Aku heran dengan jawabannya. Bagaimana bisa dia diminta mengantar seekor keledai muda ke kota ini tetapi dia tidak tahu kepada siapa.

“Bagaimana bisa begitu, Pak? Tak mungkin Bapak mau memberikan keledai itu tetapi tidak tahu kepada siapa.”

Aku tertawa setelah melontarkan pertanyaan itu. Baru kali ini, di kota ini, kutemukan tindakan yang menurutku sangat bodoh. Tindakan lelaki tua itu.

“Begini, Nak. Ketika keledai betinaku beranak, aku seperti mendapat firasat bahwa anak keledaiku itu akan menjadi sesuatu yang membanggakan bagi diriku nanti.”

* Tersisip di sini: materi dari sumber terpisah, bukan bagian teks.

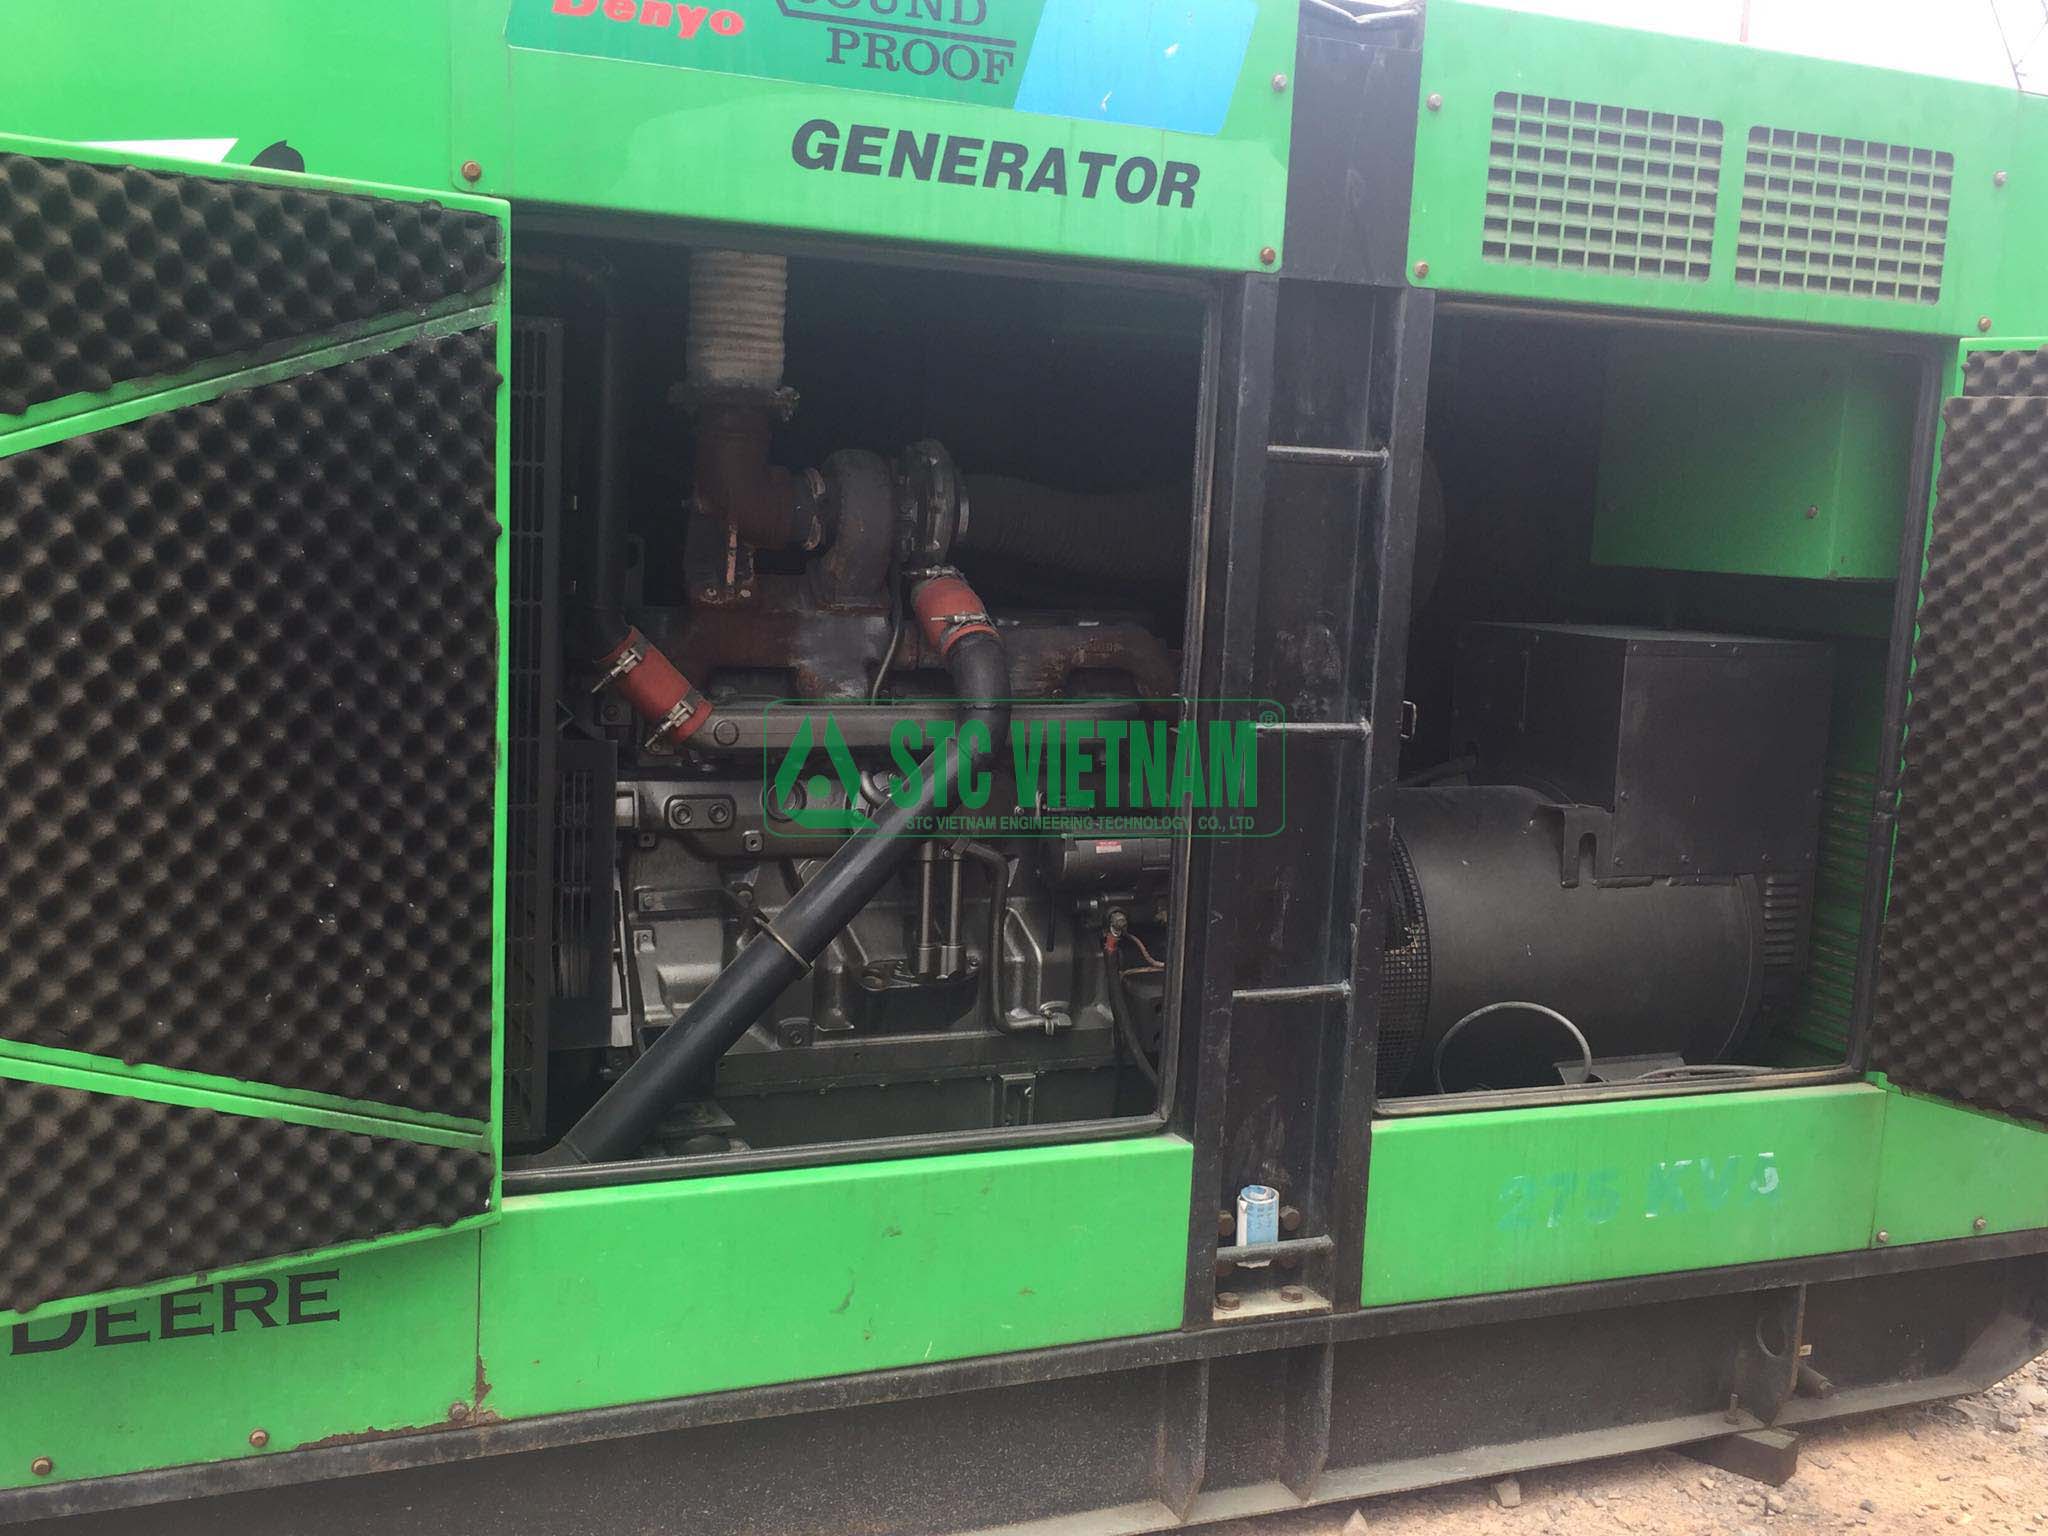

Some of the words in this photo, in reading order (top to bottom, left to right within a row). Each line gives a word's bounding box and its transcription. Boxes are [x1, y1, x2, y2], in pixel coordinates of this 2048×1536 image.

Lagi aku tertawa. Bagaimana seekor anak keledai bisa membuat bangga seseorang? Keledai lebih kecil daripada kuda atau unta. Harga seekor keledai tidak sebanding dengan keduanya. Belum lagi lari dan ketahanannya yang, jika melintasi padang gurun, tak sepadan jika dibandingkan dengan kuda atau unta. Lagi pula, keledai biasanya hanya untuk mengangkut barang atau menarik gerobak kecil. Apa lagi yang bisa dibanggakan dari seekor keledai? Belum lagi keledai terkenal keras kepala dan suka melawan empunya.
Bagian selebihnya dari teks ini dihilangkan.